# TASK BRIEF:
Repeat the data exactly, leaving out any image.

[Stored data entries]

__________________________________________________

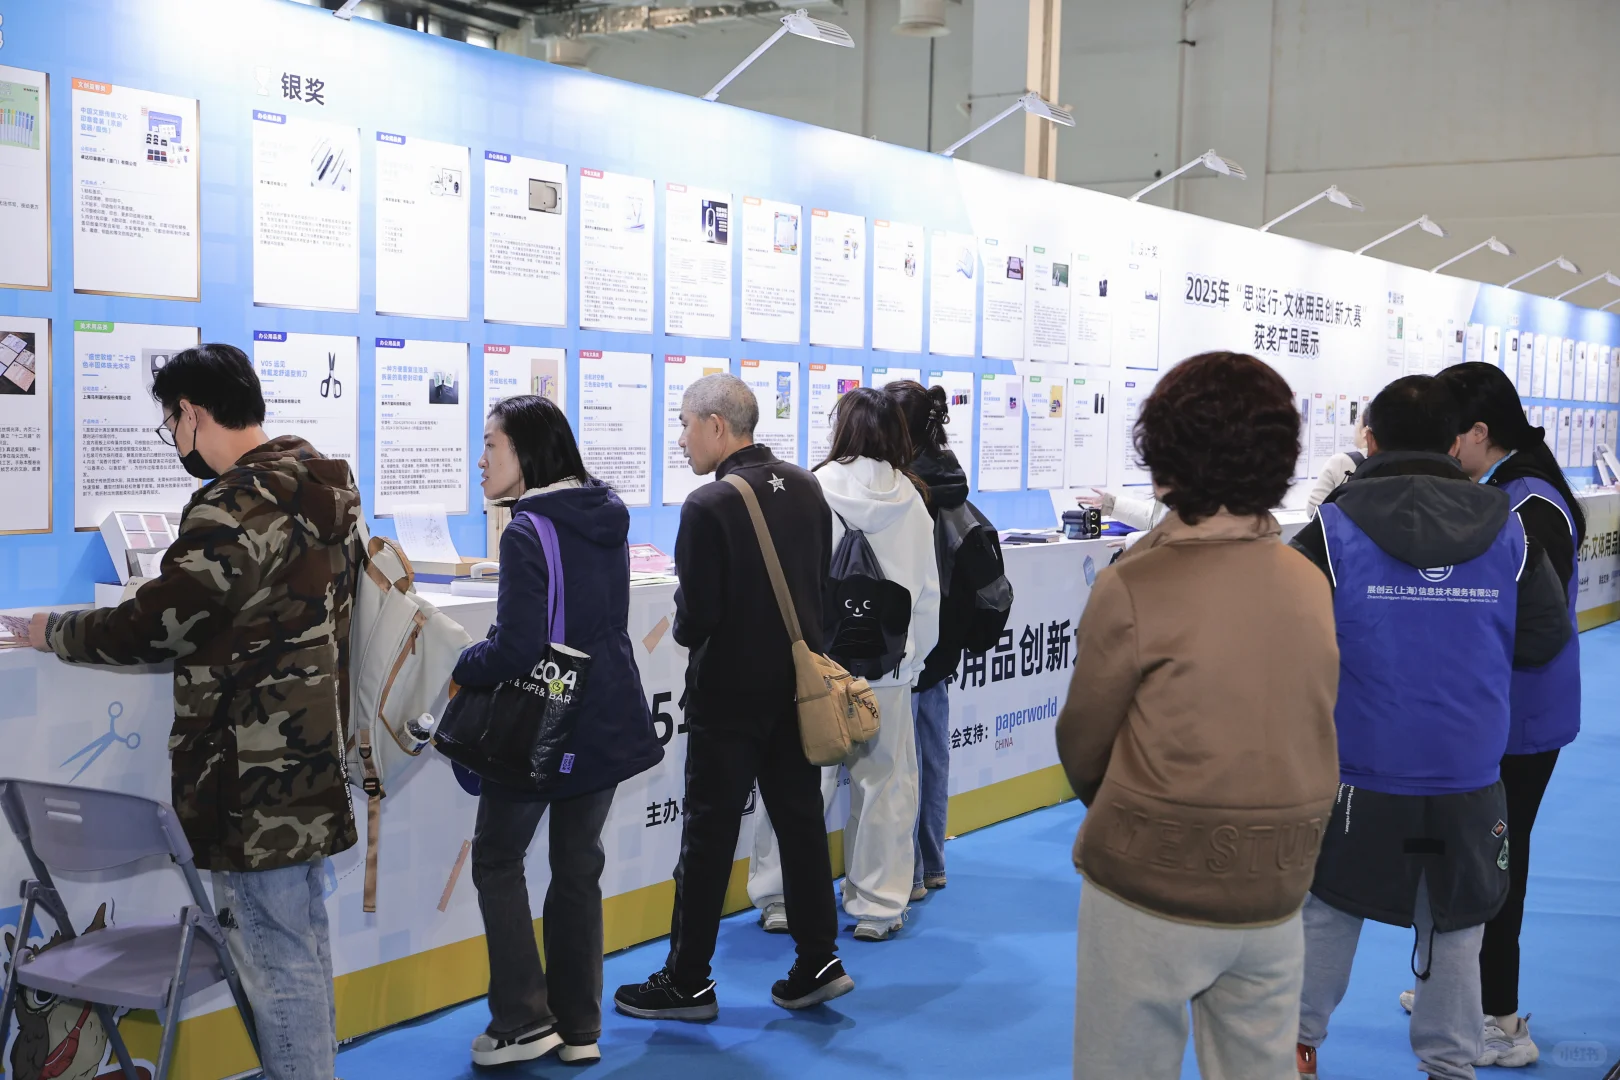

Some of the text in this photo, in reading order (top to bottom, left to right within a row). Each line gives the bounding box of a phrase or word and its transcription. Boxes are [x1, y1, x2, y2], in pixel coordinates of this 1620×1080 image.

[280, 71, 325, 105] 银奖
[258, 332, 282, 340] 办公用品类
[1253, 323, 1320, 356] 获奖产品展示
[1577, 530, 1618, 562] 行·文体用品
[944, 619, 1078, 693] 用品创新
[548, 692, 572, 704] BAR
[995, 696, 1058, 737] paperworld
[949, 723, 988, 750] 会支持：
[994, 737, 1014, 750] CHINA
[646, 795, 686, 828] 主办
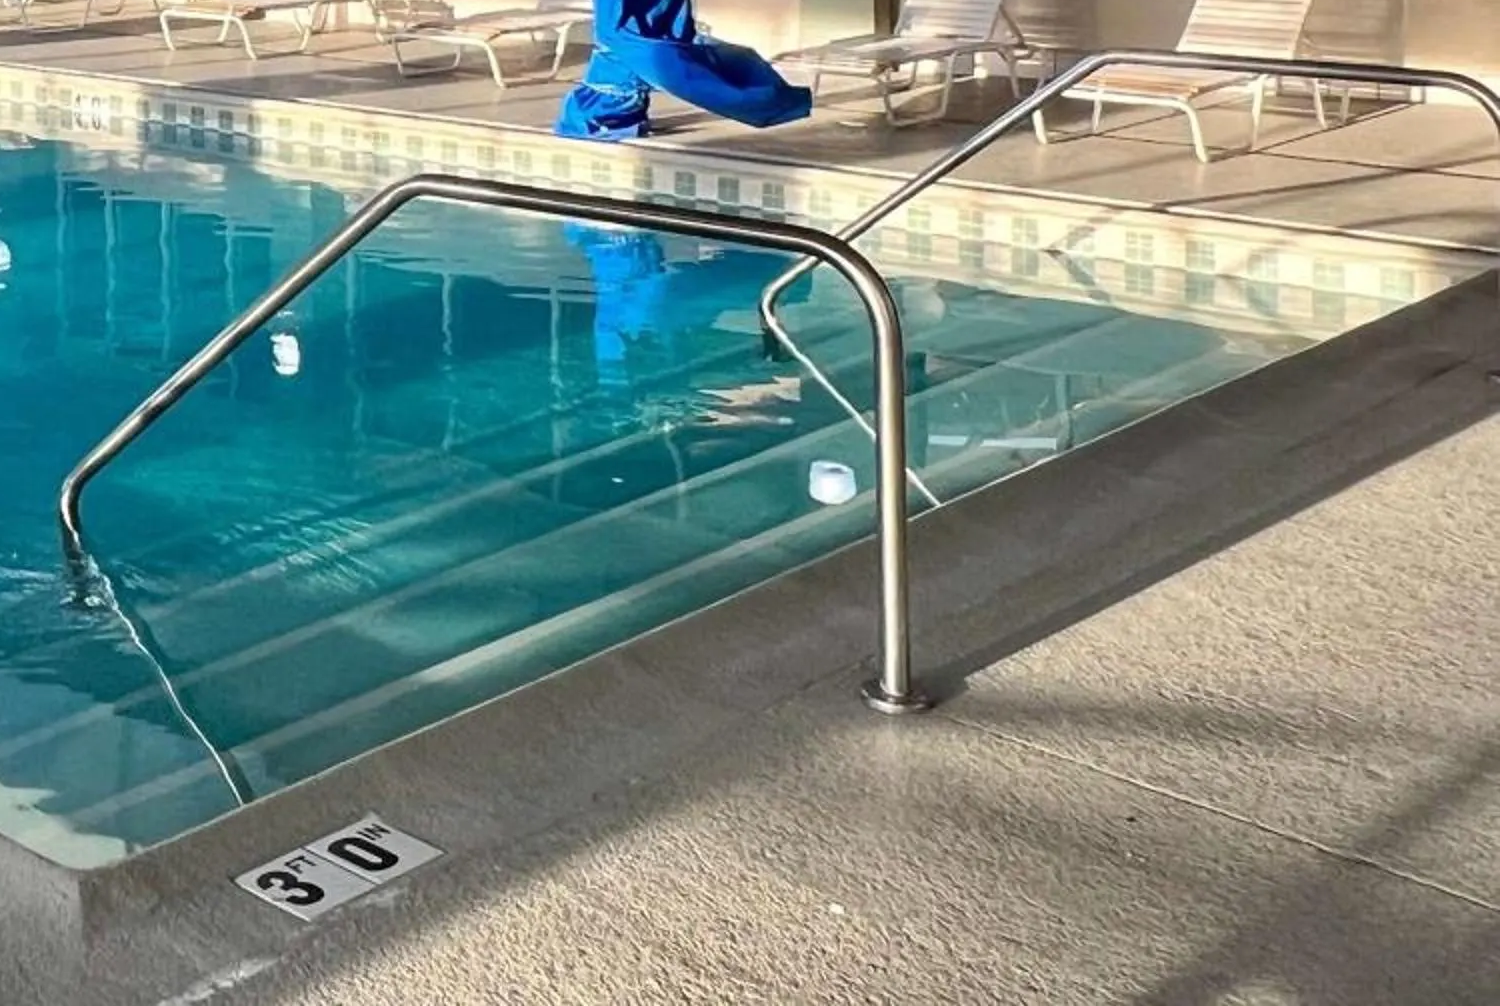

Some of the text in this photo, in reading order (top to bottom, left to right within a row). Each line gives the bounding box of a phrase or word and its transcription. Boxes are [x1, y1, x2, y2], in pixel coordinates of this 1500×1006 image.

[256, 823, 400, 906] 3 FT 0 IN
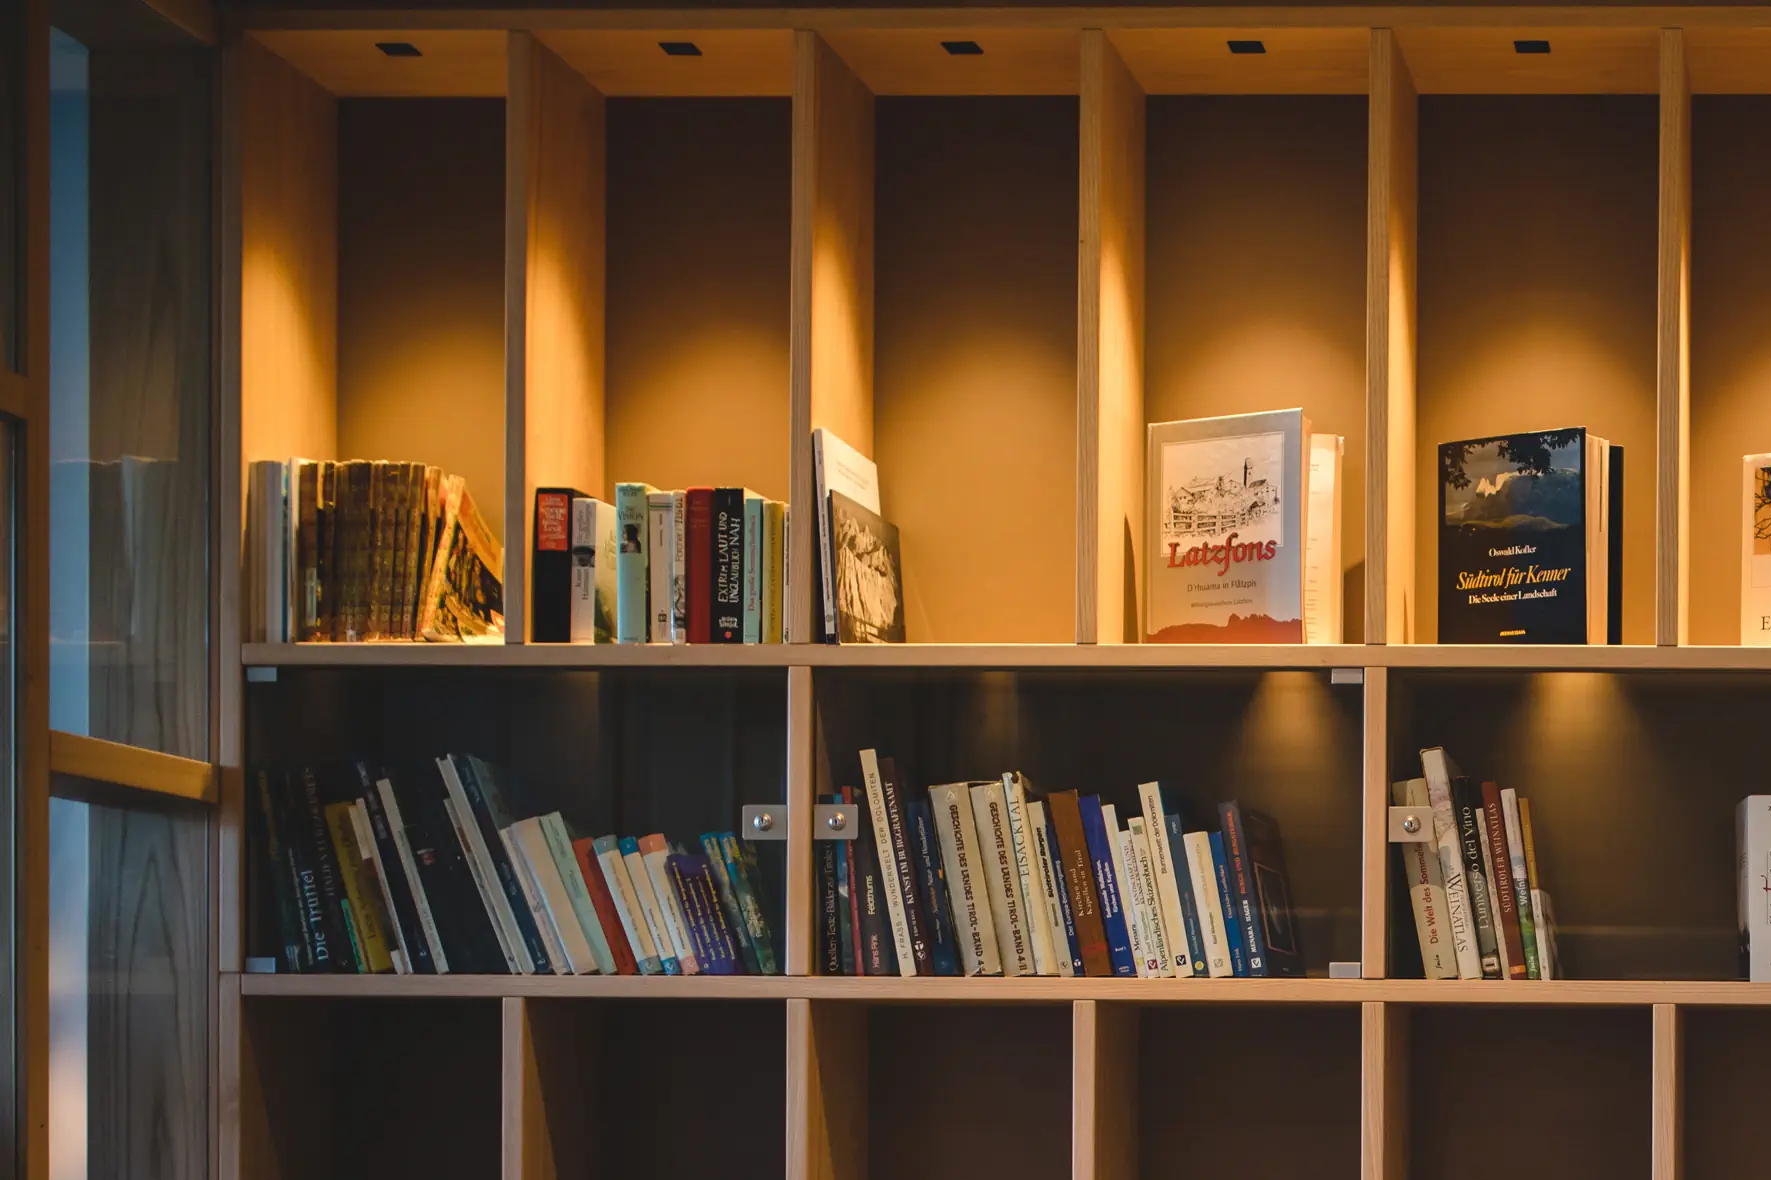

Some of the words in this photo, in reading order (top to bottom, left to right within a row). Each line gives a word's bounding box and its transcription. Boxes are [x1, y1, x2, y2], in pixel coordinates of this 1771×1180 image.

[718, 511, 728, 531] UND
[729, 516, 741, 546] NAH
[718, 533, 729, 562] LAUT
[1167, 532, 1277, 576] Latzfons
[1488, 545, 1514, 557] Oswald
[1514, 544, 1537, 556] Kofler
[1456, 567, 1505, 591] Südtirol
[1504, 566, 1527, 589] für
[1525, 565, 1572, 583] Kenner
[1469, 594, 1482, 604] Die
[1481, 593, 1500, 603] Seele
[1499, 591, 1518, 601] einer
[1518, 588, 1557, 600] Landschaft
[868, 773, 883, 822] DOLOMITEN
[879, 827, 887, 844] DER
[950, 805, 964, 851] GESCHICHTE
[989, 802, 1004, 849] GESCHICHTE
[1462, 807, 1472, 836] Vino
[1489, 802, 1503, 855] WEINATLAS
[1009, 796, 1030, 877] EISACKTAL
[1035, 827, 1046, 856] Burgen
[1466, 839, 1477, 860] del
[958, 852, 967, 868] DES
[998, 850, 1007, 865] DES
[1075, 850, 1084, 867] Tirol
[883, 849, 899, 908] WUNDERWELT
[960, 868, 973, 900] LANDES
[1001, 866, 1013, 898] LANDES
[1042, 858, 1054, 898] Südtiroler
[1080, 870, 1086, 879] in
[1107, 883, 1115, 894] und
[1140, 856, 1156, 906] Skizzenbuch
[1498, 857, 1511, 913] SÜDTIROLER
[901, 874, 914, 905] KUNST
[1072, 885, 1084, 916] Kirchen
[1081, 881, 1093, 915] Kapellen
[1423, 887, 1432, 903] des
[1471, 863, 1489, 929] L'universo
[1243, 899, 1252, 922] HAGER
[1425, 905, 1435, 927] Welt
[1447, 873, 1468, 952] WEINATLAS
[1131, 923, 1140, 951] Menara
[1150, 907, 1169, 972] Alpenländisches
[1247, 926, 1257, 953] MENARA
[1430, 928, 1439, 944] Die
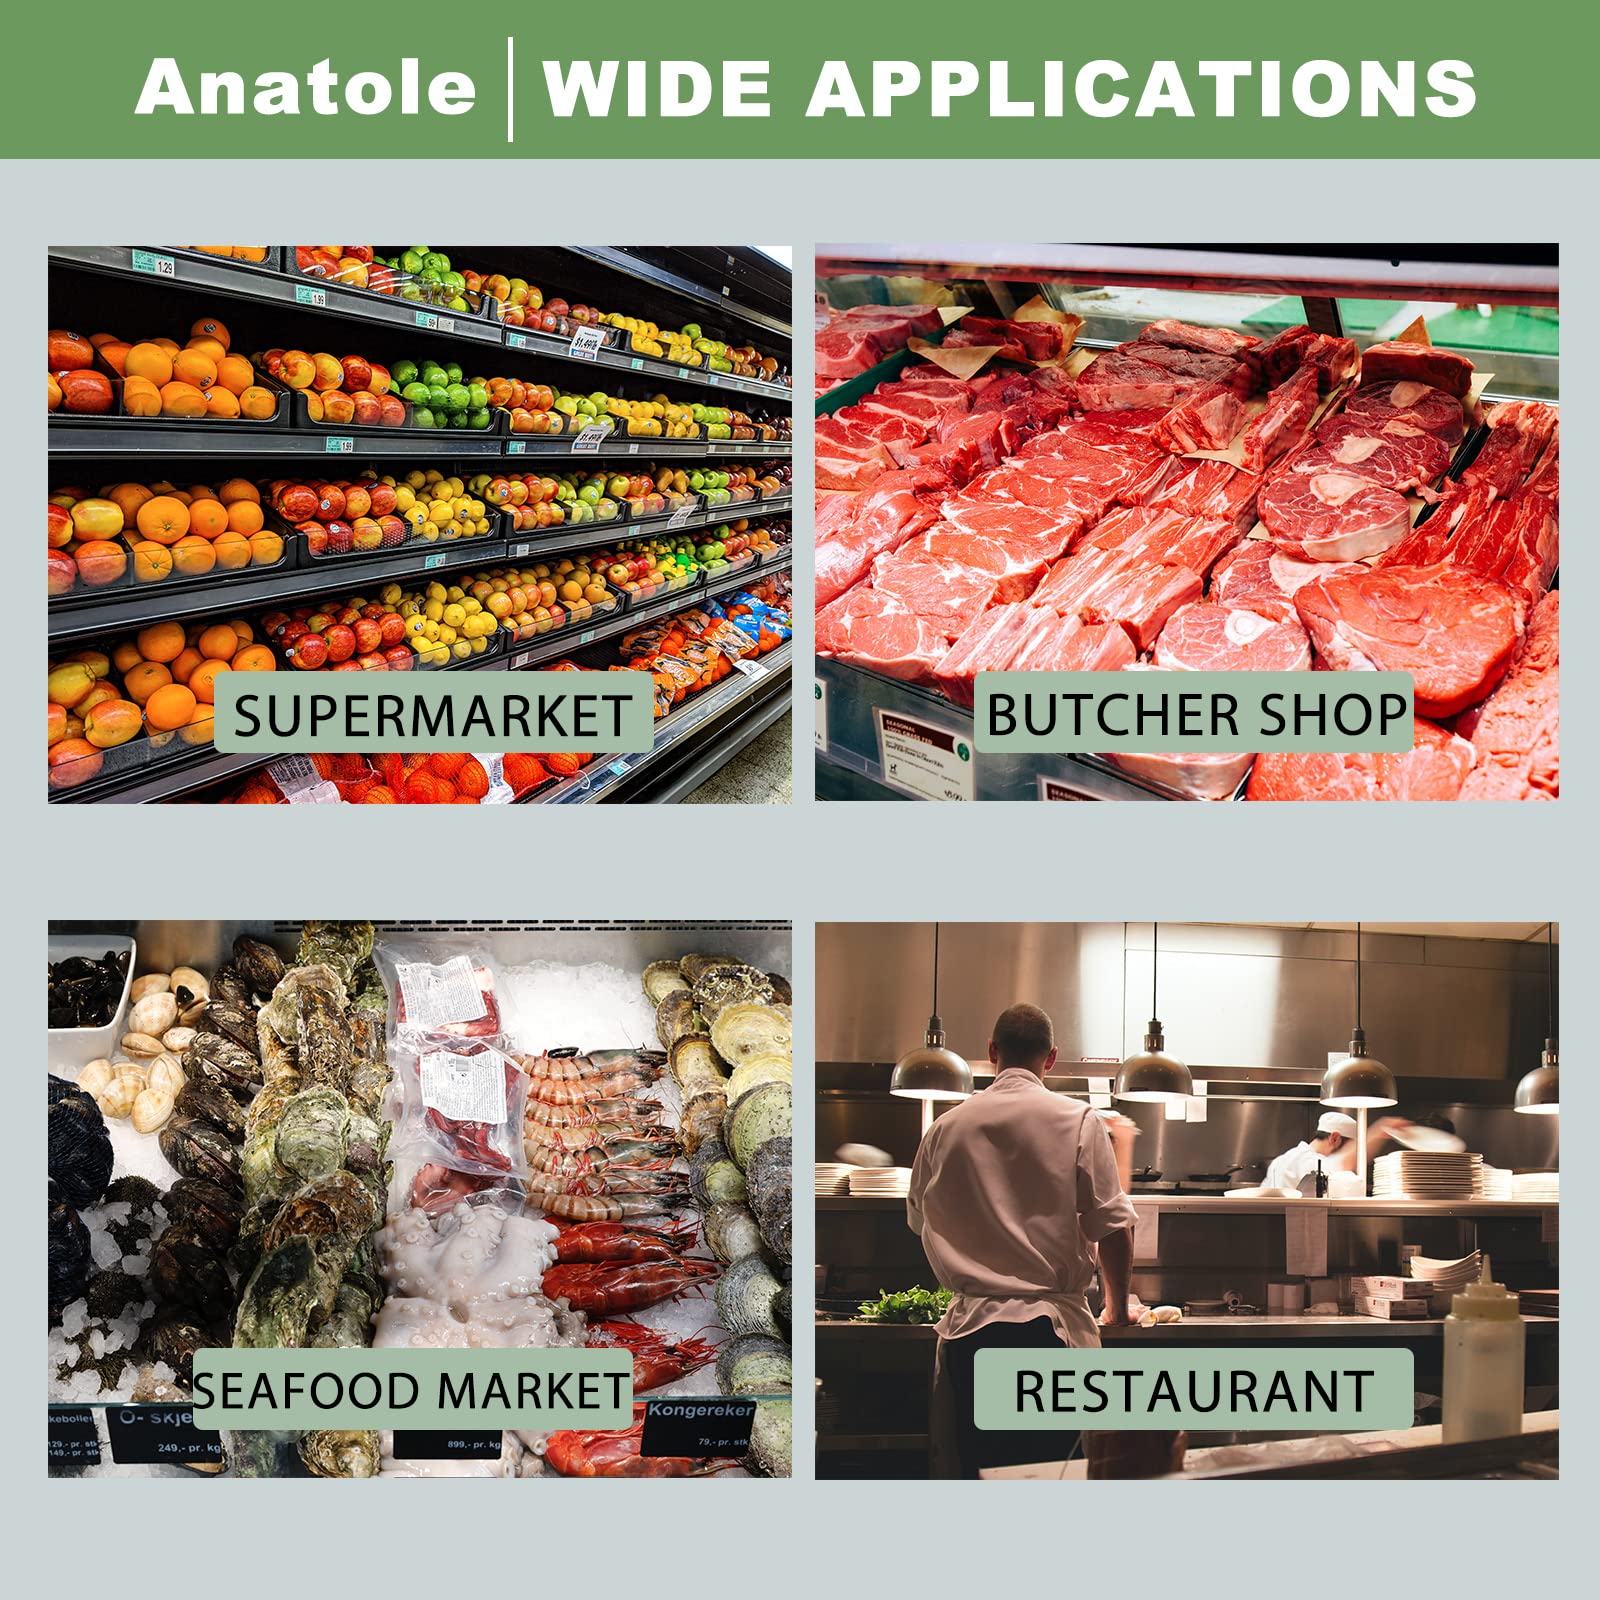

__________________________________________________

# RESULT FOR THIS TASK:
Some of the text in this photo, in reading order (top to bottom, left to right within a row). Each line gives the bounding box of a phrase or word and its transcription. Boxes are [x1, y1, x2, y2], in pixel coordinates of this 1620×1080 image.

[280, 71, 325, 105] 银奖
[258, 332, 282, 340] 办公用品类
[1253, 323, 1320, 356] 获奖产品展示
[1577, 530, 1618, 562] 行·文体用品
[944, 619, 1078, 693] 用品创新
[548, 692, 572, 704] BAR
[995, 696, 1058, 737] paperworld
[949, 723, 988, 750] 会支持：
[994, 737, 1014, 750] CHINA
[646, 795, 686, 828] 主办

Some of the text in this photo, in reading order (top to bottom, left to right within a row). Each line gives the bounding box of a phrase or word and its transcription. Boxes are [x1, y1, x2, y2], in pixel coordinates of this 1500×1006 image.

[256, 823, 400, 906] 3 FT 0 IN

Some of the words in this photo, in reading order (top to bottom, left to right within a row). Each line gives a word's bounding box and its transcription. Boxes are [x1, y1, x2, y2], in pixel coordinates of this 1771×1180 image.

[718, 511, 728, 531] UND
[729, 516, 741, 546] NAH
[718, 533, 729, 562] LAUT
[1167, 532, 1277, 576] Latzfons
[1488, 545, 1514, 557] Oswald
[1514, 544, 1537, 556] Kofler
[1456, 567, 1505, 591] Südtirol
[1504, 566, 1527, 589] für
[1525, 565, 1572, 583] Kenner
[1469, 594, 1482, 604] Die
[1481, 593, 1500, 603] Seele
[1499, 591, 1518, 601] einer
[1518, 588, 1557, 600] Landschaft
[868, 773, 883, 822] DOLOMITEN
[879, 827, 887, 844] DER
[950, 805, 964, 851] GESCHICHTE
[989, 802, 1004, 849] GESCHICHTE
[1462, 807, 1472, 836] Vino
[1489, 802, 1503, 855] WEINATLAS
[1009, 796, 1030, 877] EISACKTAL
[1035, 827, 1046, 856] Burgen
[1466, 839, 1477, 860] del
[958, 852, 967, 868] DES
[998, 850, 1007, 865] DES
[1075, 850, 1084, 867] Tirol
[883, 849, 899, 908] WUNDERWELT
[960, 868, 973, 900] LANDES
[1001, 866, 1013, 898] LANDES
[1042, 858, 1054, 898] Südtiroler
[1080, 870, 1086, 879] in
[1107, 883, 1115, 894] und
[1140, 856, 1156, 906] Skizzenbuch
[1498, 857, 1511, 913] SÜDTIROLER
[901, 874, 914, 905] KUNST
[1072, 885, 1084, 916] Kirchen
[1081, 881, 1093, 915] Kapellen
[1423, 887, 1432, 903] des
[1471, 863, 1489, 929] L'universo
[1243, 899, 1252, 922] HAGER
[1425, 905, 1435, 927] Welt
[1447, 873, 1468, 952] WEINATLAS
[1131, 923, 1140, 951] Menara
[1150, 907, 1169, 972] Alpenländisches
[1247, 926, 1257, 953] MENARA
[1430, 928, 1439, 944] Die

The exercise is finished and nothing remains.